But how do we deposit the silicone and pigment mixture on the surface? Screen printing does not work well with a curved surface like the LensLeech top. Usually, you would use pad printing for large numbers of objects with curved surfaces. But setting up a reliable pad printing process is a lot of work for just a few prototypes.

An alternative could be to directly deposit the silicone pigment mixture with a syringe and that’s what I tried first. I modified a macro rail for moving a camera to press a syringe plunger and mounted it in my CNC machine.

Using a very small syringe and a tiny needle allowed me to deposit silicone droplets at exactly the right height and position. But in general, it’s pretty hard to control pressure in the syringe precisely enough to get consistent tiny droplets with the highly viscous silicone mixture.

What worked well, in the end, are not flat stencils like screenprinting or deformable stamps for pad printing but rigid three-dimensional stencils.

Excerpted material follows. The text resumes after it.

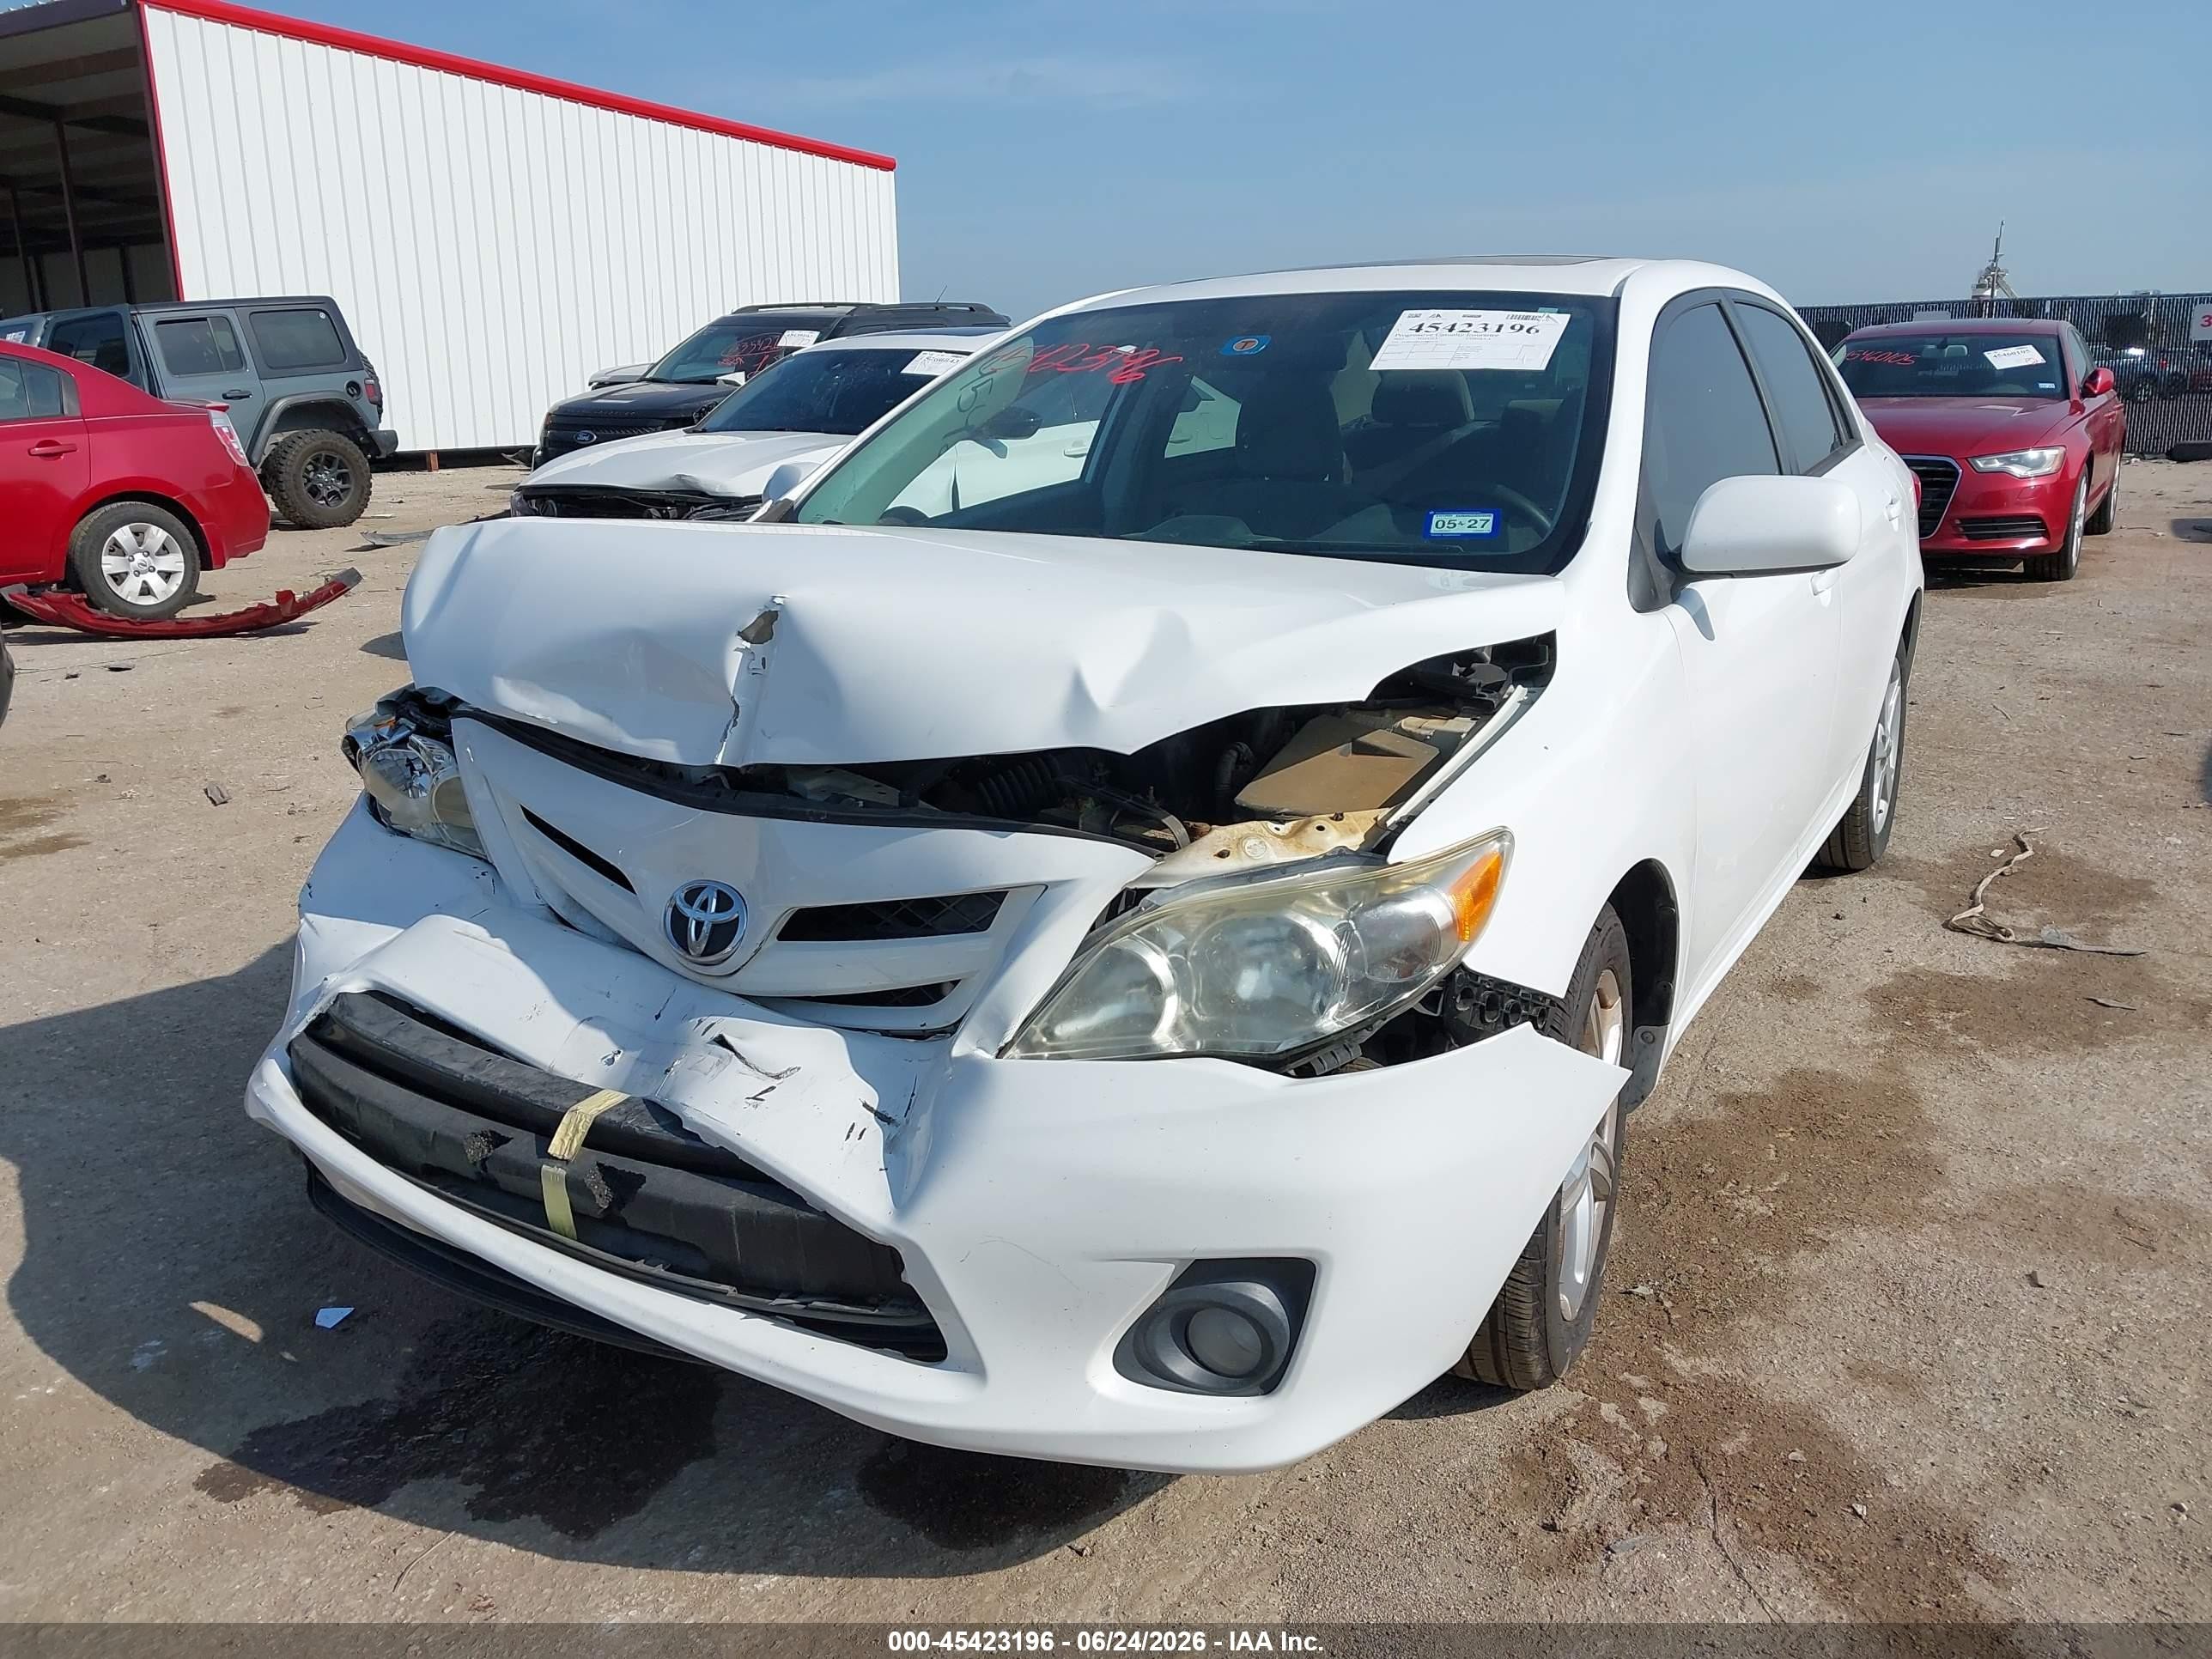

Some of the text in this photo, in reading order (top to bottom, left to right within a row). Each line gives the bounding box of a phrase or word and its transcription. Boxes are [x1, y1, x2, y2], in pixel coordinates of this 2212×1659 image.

[1408, 321, 1540, 336] 45423196
[1435, 519, 1491, 529] 05 27

When milling a stencil from acrylic that has the exact curvature of the silicone body we can press the silicone against the stencil and get a good seal. The channels are drilled with a microdrill for PCB production. The silicone paint can be poured over the channels and after degassing plus a few minutes of rest time the stencil can be removed. Let it fully cure overnight and repeat for the next color.

As a silicone paint, I used Smooth-On’s Psycho Paint. It bonds well to the already cured clear silicone and was more reliable than using the clear silicone itself.

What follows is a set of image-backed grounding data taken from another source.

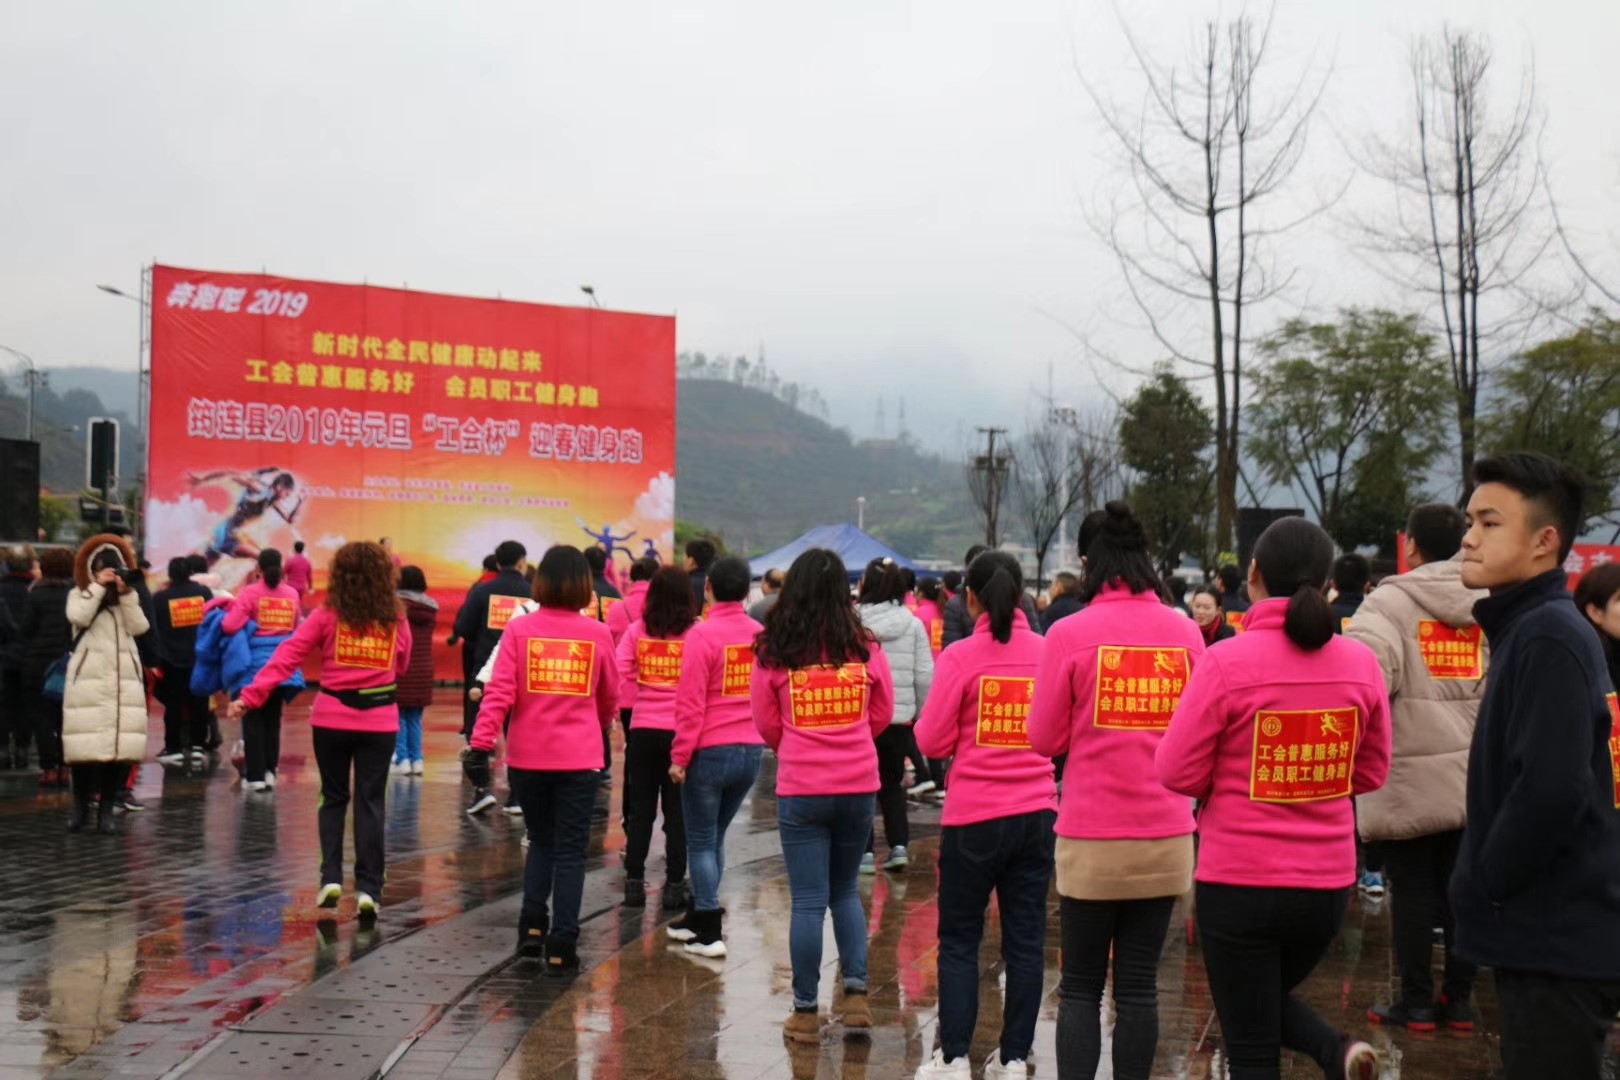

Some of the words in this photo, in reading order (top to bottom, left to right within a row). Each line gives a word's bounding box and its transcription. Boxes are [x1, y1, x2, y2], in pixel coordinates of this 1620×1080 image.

[247, 287, 308, 318] 2019
[245, 359, 414, 394] 工会普惠服务好
[445, 375, 599, 408] 会员职工健身跑
[529, 422, 643, 464] 迎春健身跑
[792, 686, 860, 702] 工会普惠服务好
[1101, 677, 1183, 695] 工会普惠服务好
[795, 700, 860, 717] 会员职工健身跑
[1258, 741, 1349, 762] 工会普惠服务好
[1257, 762, 1347, 784] 会员职工健身跑

Adding the color to the paint is slightly more complicated. Most silicone pigment colors are sold as a liquid emulsion. The solid pigments are mixed with silicone oil as a fluid. This makes it easier to handle, measure, and mix the color. The downside: when you add too much silicone oil to your liquid silicone it may prevent it from curing. Most vendors recommend 3 or 5 percent as an upper limit. But we want to deposit tiny amounts of silicone and it still should be a strong and saturated color. I did test Smooth-On’s Silicone Pigments¹. So, I did test this color at 5 percent and was not happy with the results:

Buying the pigments as solid particles and mixing them directly with the translucent silicone did work considerably better. About 10 percent of pigment powder did yield sufficiently saturated thin blobs of silicone:

The exact measurements and the procedure I used are described in the git repository

Selecting a Marker Pattern

So, we got a reliable way of adding a colored pattern to the silicone lens. Let’s look at common computer vision markers:

Since we are using a stencil to apply the color we can’t create complex shapes without sacrificing a lot of precision, so we’ll stick to points and can’t use any of the classic marker patterns.

With a simple single-color point pattern in a grid, we can measure deformation of the silicone. But maybe we want more?

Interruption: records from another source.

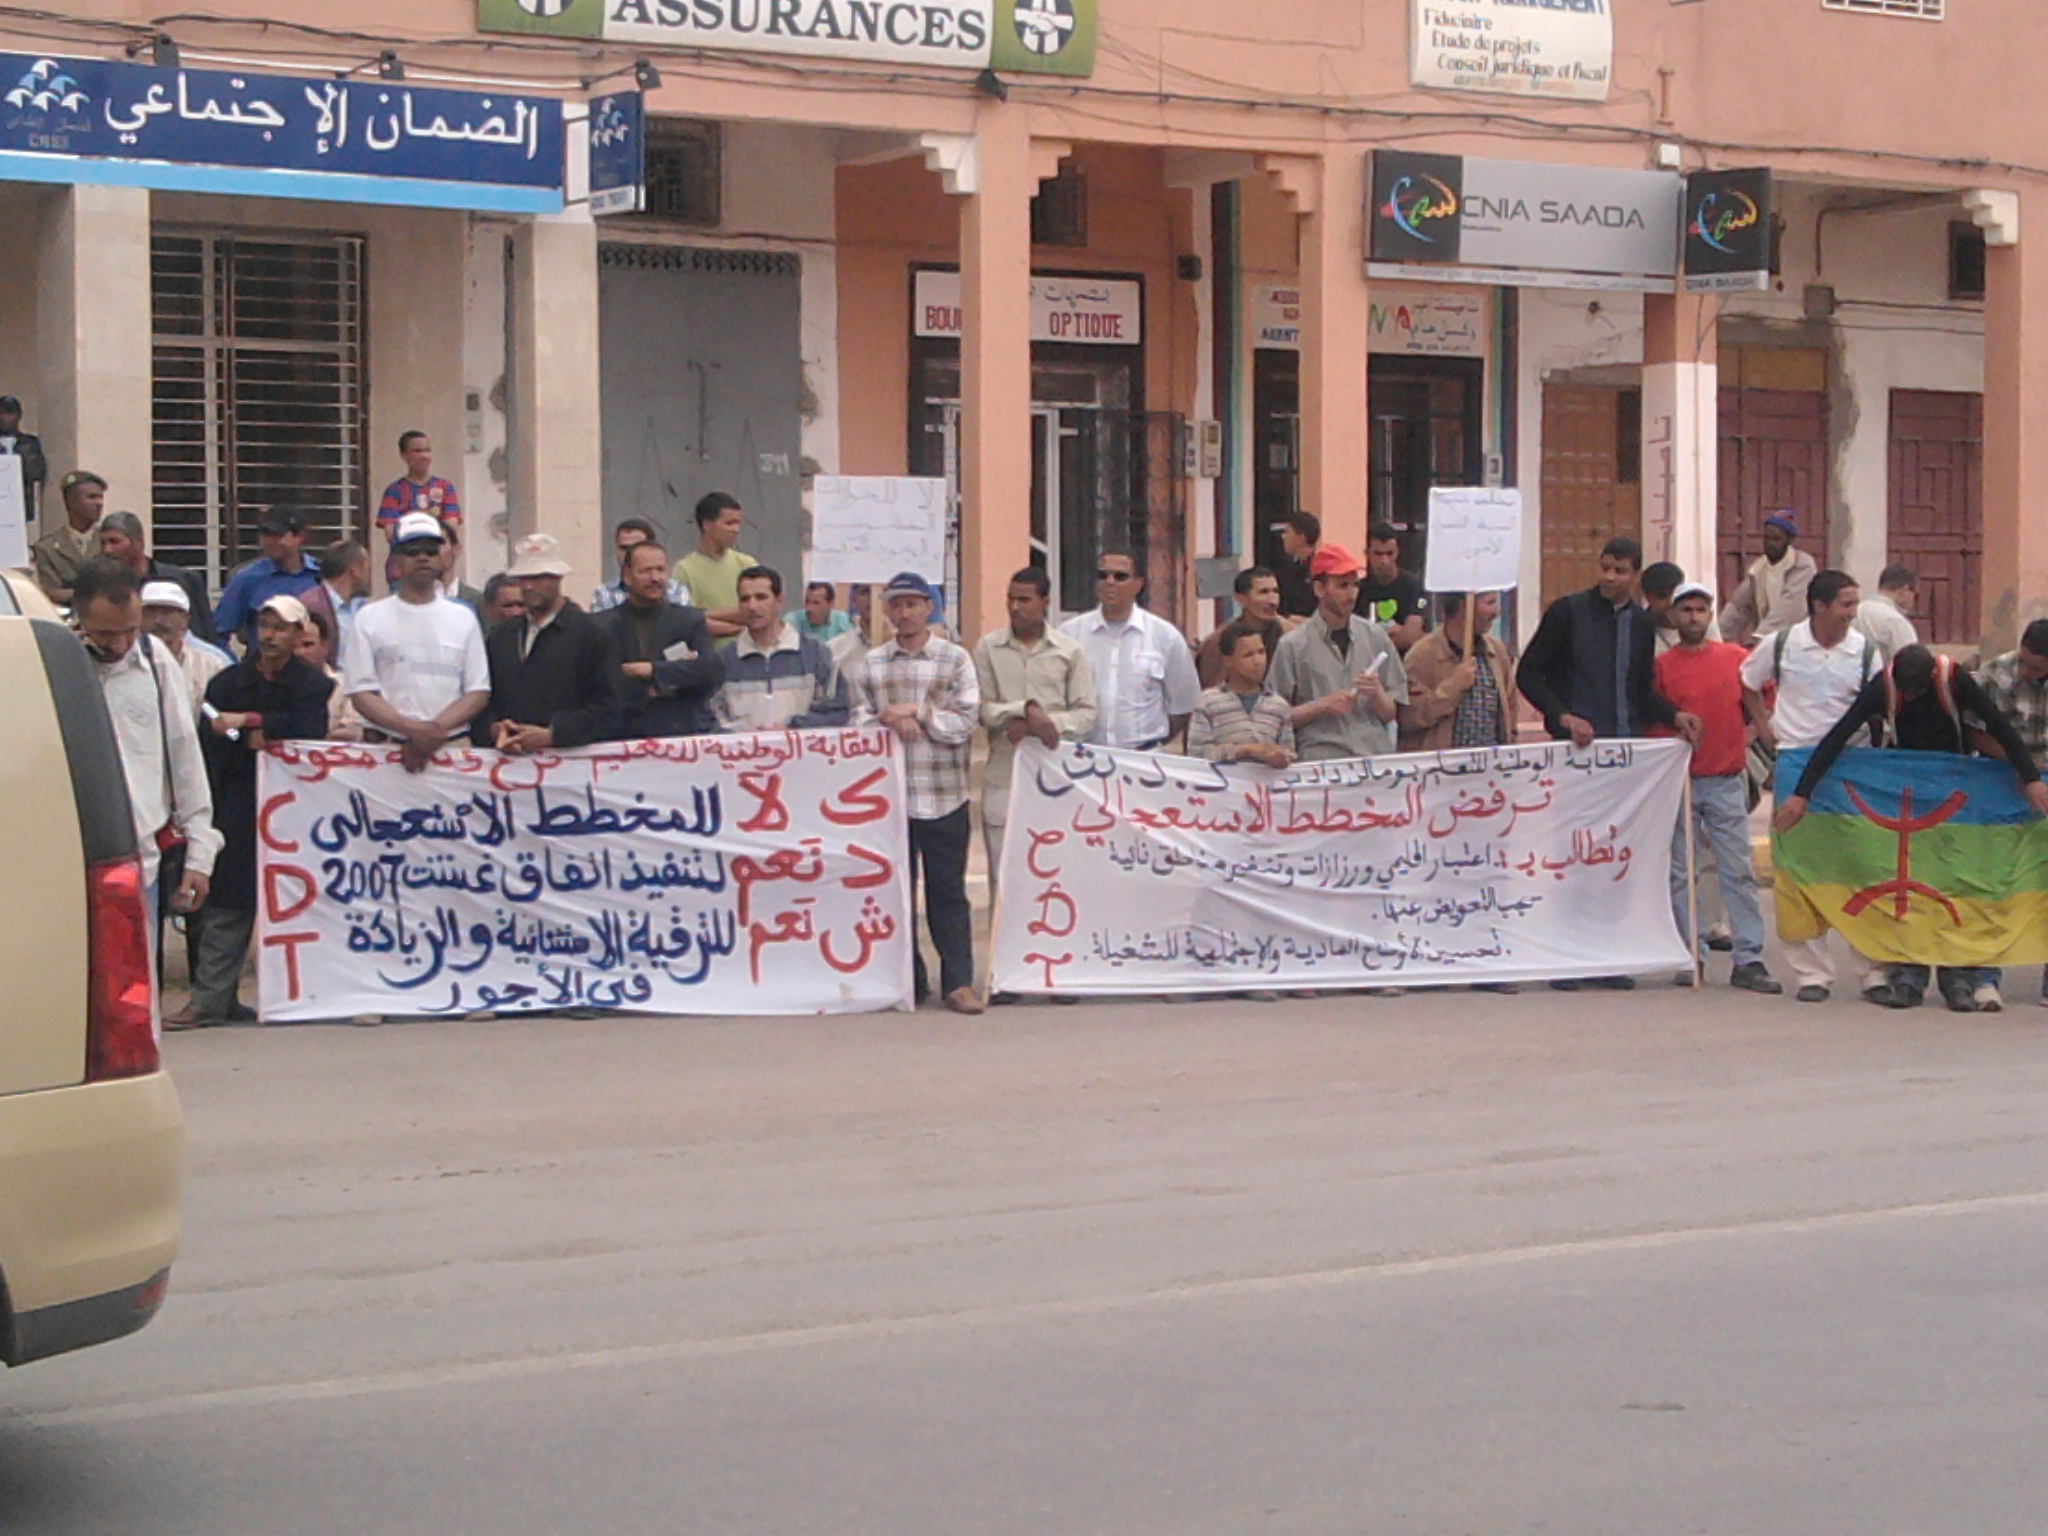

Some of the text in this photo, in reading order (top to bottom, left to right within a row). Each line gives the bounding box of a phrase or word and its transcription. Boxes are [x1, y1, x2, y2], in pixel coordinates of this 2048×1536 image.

[609, 0, 986, 51] ASSURANCES
[1432, 29, 1541, 56] Etude de projets
[1437, 52, 1489, 73] Conseil
[1492, 56, 1555, 79] juridique
[365, 91, 540, 160] الضمان
[1461, 194, 1531, 222] CNIA
[1539, 199, 1645, 230] SAADA
[1050, 312, 1123, 338] OPTIQUE
[703, 730, 801, 771] الوطنية
[806, 729, 892, 766] النقابة
[1492, 745, 1554, 783] الوطنية
[1565, 742, 1633, 776] النقابة
[1421, 749, 1489, 792] للتعليم
[1276, 782, 1423, 835] المخطط
[1428, 778, 1555, 839] ترفض
[1541, 823, 1633, 882] ونطالب
[322, 853, 407, 905] 2007
[620, 848, 727, 900] لتنفيذ

It would be perfect if we could sense position, rotation, and deformation of the silicone blob. But every additional color requires a lot of manual work. Given just two or three colors, is there a way to make a marker pattern that allows us to match or recognize a sufficient number of points to get at least the rotation?

About a decade ago the company Anoto released a ballpoint pen with a built-in camera and a special type of paper. The paper had a very faint point pattern printed on it that allowed the pen to see its position on the paper when writing. The point pattern patented² by Anoto did encode four different numbers as deviations from the center.

These numbers were arranged in unique patterns usually known as a two-dimensional DeBruijn sequence. In the simplest case, it’s a grid of only two numbers (the black and white squares). Each window of a specified size (3 by 3 in this case) can only be found once (the red square). If we shift in any direction (green and blue), that’s a new unique window.

Anoto could use four different numbers and encode them as offsets because paper is flat and rigid. For our soft and deformable surface, we’ll need to use color. Another issue is geometry. With a rectangular grid, we’re wasting a lot of space and sadly, we don’t have a lot. With a standard phone camera, we see about a centimeter in diameter of the blob’s surface. And the larger the points, the more reliable our image processing will be. So we’ll do something that’s a lot of work for a marginal improvement: we’ll do our own, slightly more space-efficient pattern.

The optimal way to fill a plane with circles is not rectangular but hexagonal packing. The only problem is that on a grid you can move in two directions and your blocks are always rectangular. On a hexagonal plane you can move in three directions and your “blocks” are hexagons.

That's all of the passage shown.